◆ **YOUR OBJECTIVE**
Identify all lines of the data containing the string "PRIZES" and copy them.

◆ **DATA PROVIDED**
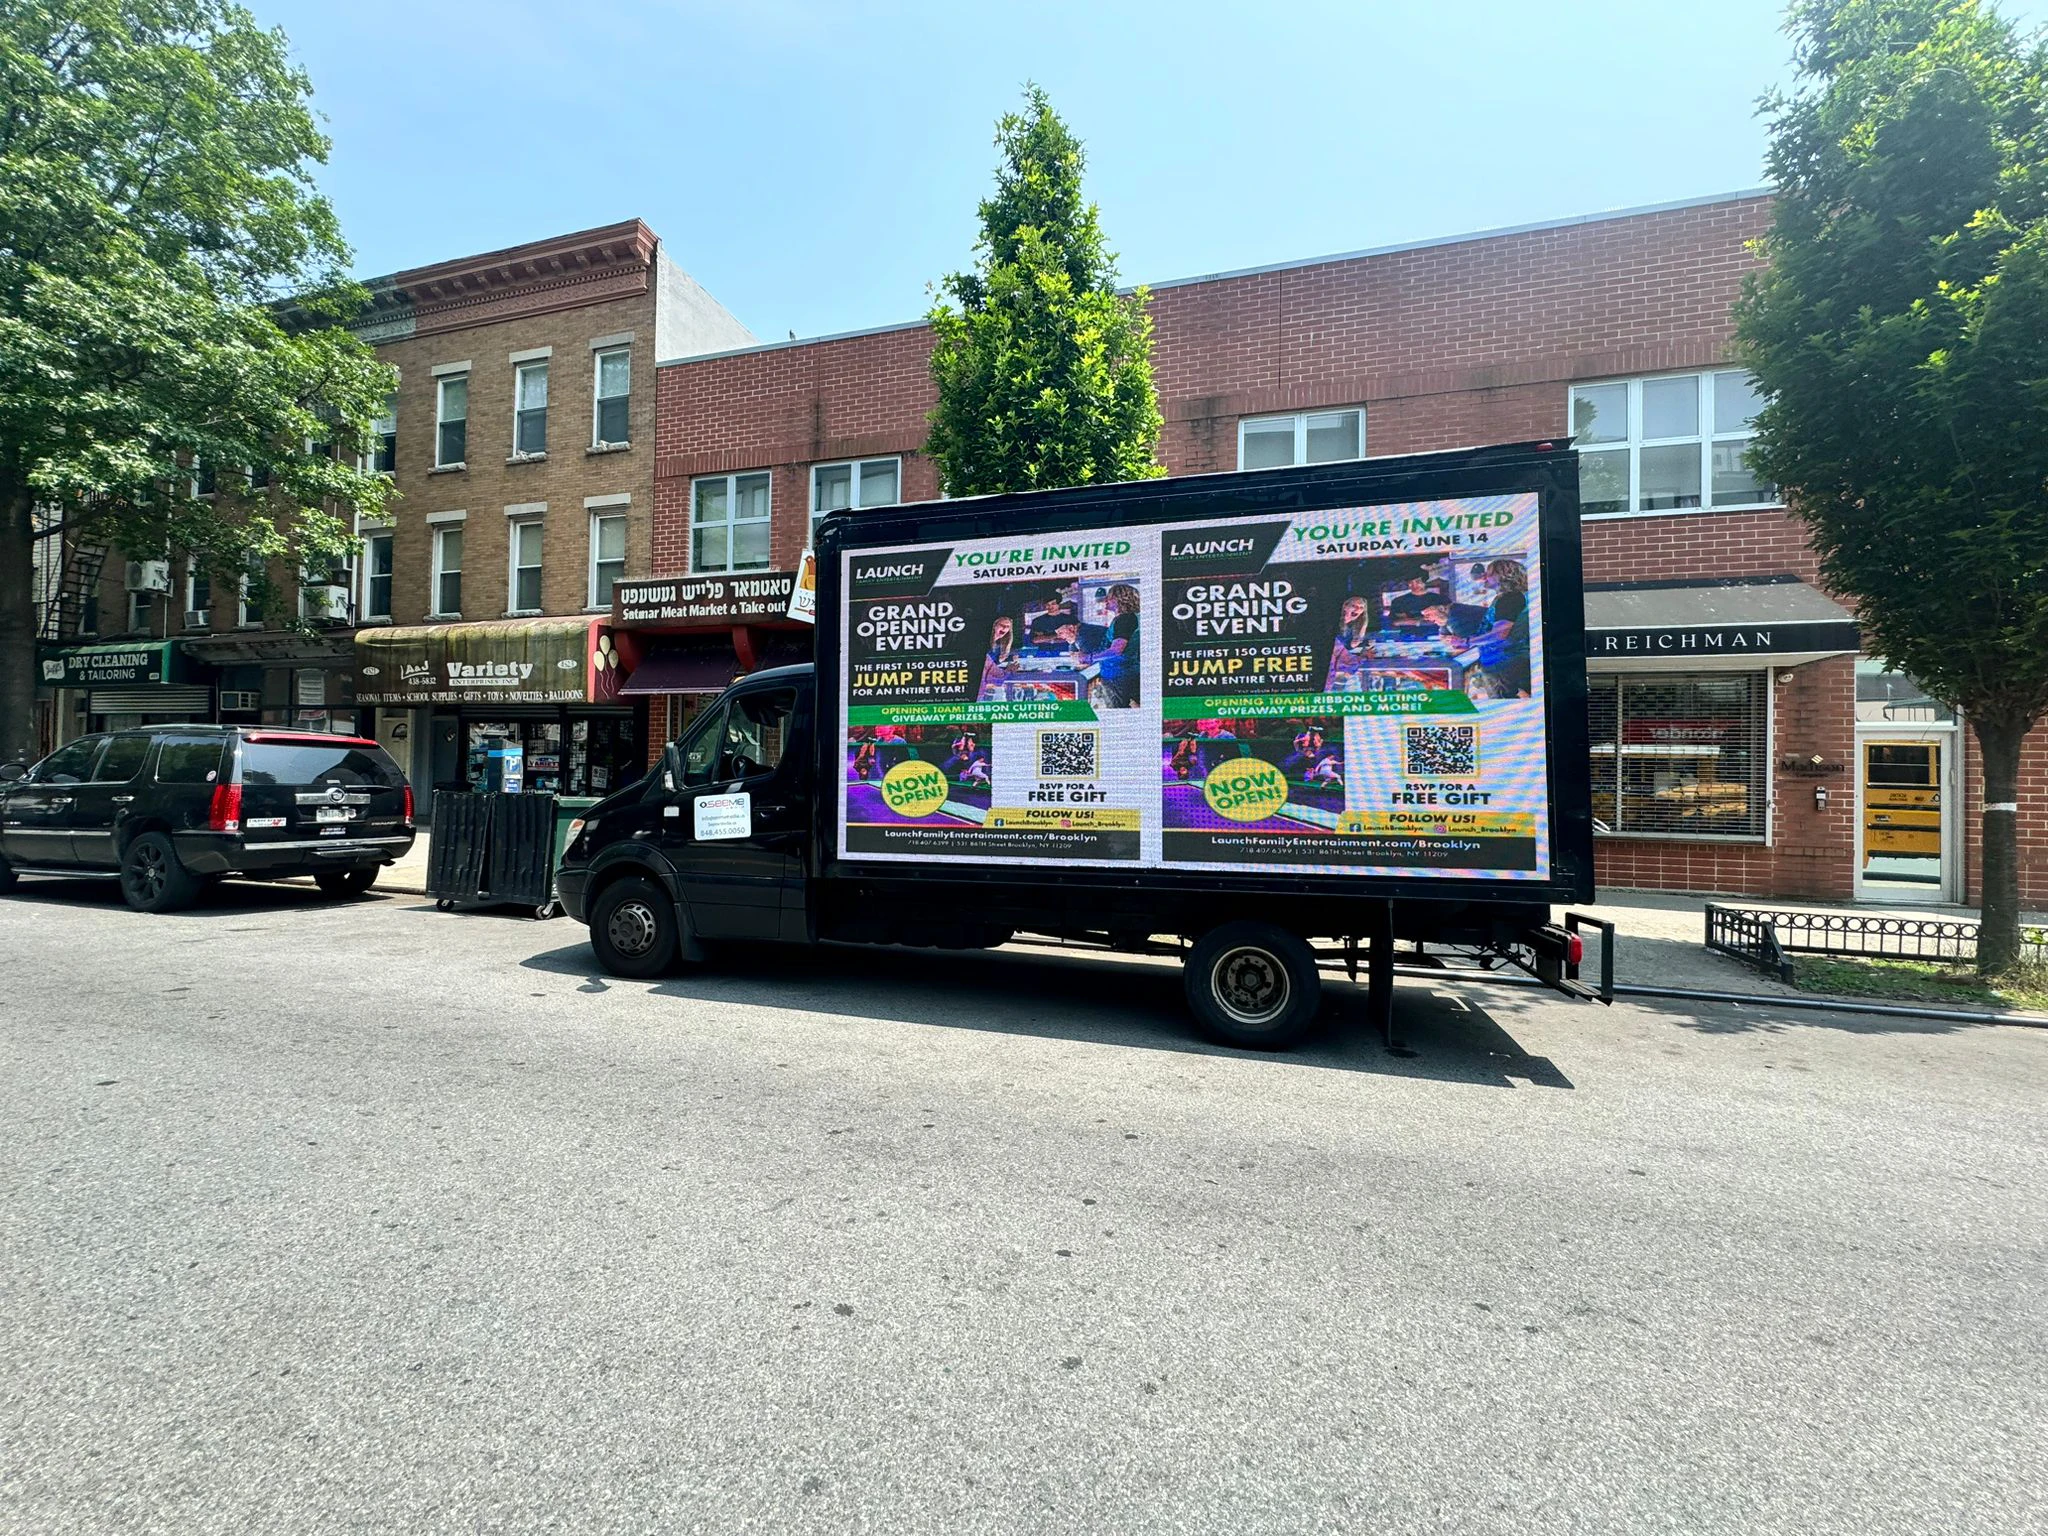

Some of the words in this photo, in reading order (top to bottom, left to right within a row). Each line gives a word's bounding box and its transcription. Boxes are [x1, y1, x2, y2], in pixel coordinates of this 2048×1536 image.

[1293, 520, 1391, 541] YOU'RE
[1402, 511, 1513, 534] INVITED
[1170, 539, 1254, 556] LAUNCH
[1316, 539, 1407, 554] SATURDAY,
[1415, 535, 1460, 547] JUNE
[1468, 533, 1488, 543] 14
[955, 548, 1034, 566] YOU'RE
[1042, 541, 1130, 560] INVITED
[856, 564, 924, 579] LAUNCH
[973, 566, 1046, 578] SATURDAY,
[1052, 562, 1088, 573] JUNE
[1094, 560, 1110, 570] 14
[621, 586, 676, 604] געשעפט
[682, 580, 724, 600] פלייש
[730, 579, 790, 598] סאטמאר
[1186, 581, 1292, 602] GRAND
[623, 608, 658, 620] Satmar
[661, 606, 687, 619] Meat
[689, 603, 728, 617] Market
[739, 602, 765, 614] Take
[768, 601, 786, 613] out
[868, 602, 953, 620] GRAND
[1172, 597, 1308, 620] OPENING
[856, 617, 965, 636] OPENING
[1196, 616, 1283, 636] EVENT
[876, 634, 946, 651] EVENT
[1170, 651, 1192, 659] THE
[1196, 649, 1230, 658] FIRST
[1235, 648, 1257, 656] 150
[1261, 646, 1312, 655] GUESTS
[69, 657, 91, 669] DRY
[92, 654, 148, 667] CLEANING
[447, 661, 533, 679] Variety
[854, 664, 872, 672] THE
[928, 660, 968, 669] GUESTS
[1168, 659, 1243, 676] JUMP
[1253, 656, 1312, 673] FREE
[80, 672, 85, 680] &
[88, 669, 135, 680] TAILORING
[853, 672, 913, 687] JUMP
[921, 670, 968, 684] FREE
[1168, 677, 1193, 686] FOR
[1198, 676, 1217, 685] AN
[1222, 675, 1265, 685] ENTIRE
[383, 693, 401, 701] ITEMS
[407, 693, 429, 701] SCHOOL
[432, 692, 457, 701] SUPPLIES
[463, 691, 481, 700] GIFTS
[487, 691, 504, 700] TOYS
[510, 691, 543, 700] NOVELTIES
[549, 690, 584, 700] BALLOONS
[853, 688, 873, 696] FOR
[1204, 698, 1263, 707] OPENING
[1314, 695, 1365, 704] RIBBON
[1370, 693, 1432, 703] CUTTING,
[882, 706, 928, 714] OPENING
[892, 714, 946, 722] GIVEAWAY
[949, 713, 986, 721] PRIZES,
[1218, 706, 1285, 715] GIVEAWAY
[1290, 705, 1337, 713] PRIZES,
[1342, 704, 1372, 712] AND
[1377, 703, 1422, 711] MORE!
[886, 772, 938, 795] NOW
[1209, 770, 1275, 796] NOW
[891, 786, 943, 806] OPEN!
[1029, 792, 1064, 801] FREE
[1070, 792, 1107, 802] GIFT
[1216, 786, 1281, 809] OPEN!
[1392, 793, 1437, 804] FREE
[1445, 793, 1491, 805] GIFT
[1026, 810, 1072, 818] FOLLOW
[1389, 814, 1448, 822] FOLLOW
[1452, 815, 1476, 823] US!
[885, 830, 1097, 843] LaunchFamilyEntertainment.com/Brooklyn
[1212, 836, 1480, 850] LaunchFamilyEntertainment.com/Brooklyn

◆ **EXERCISE SOLUTION**
[949, 713, 986, 721] PRIZES,
[1290, 705, 1337, 713] PRIZES,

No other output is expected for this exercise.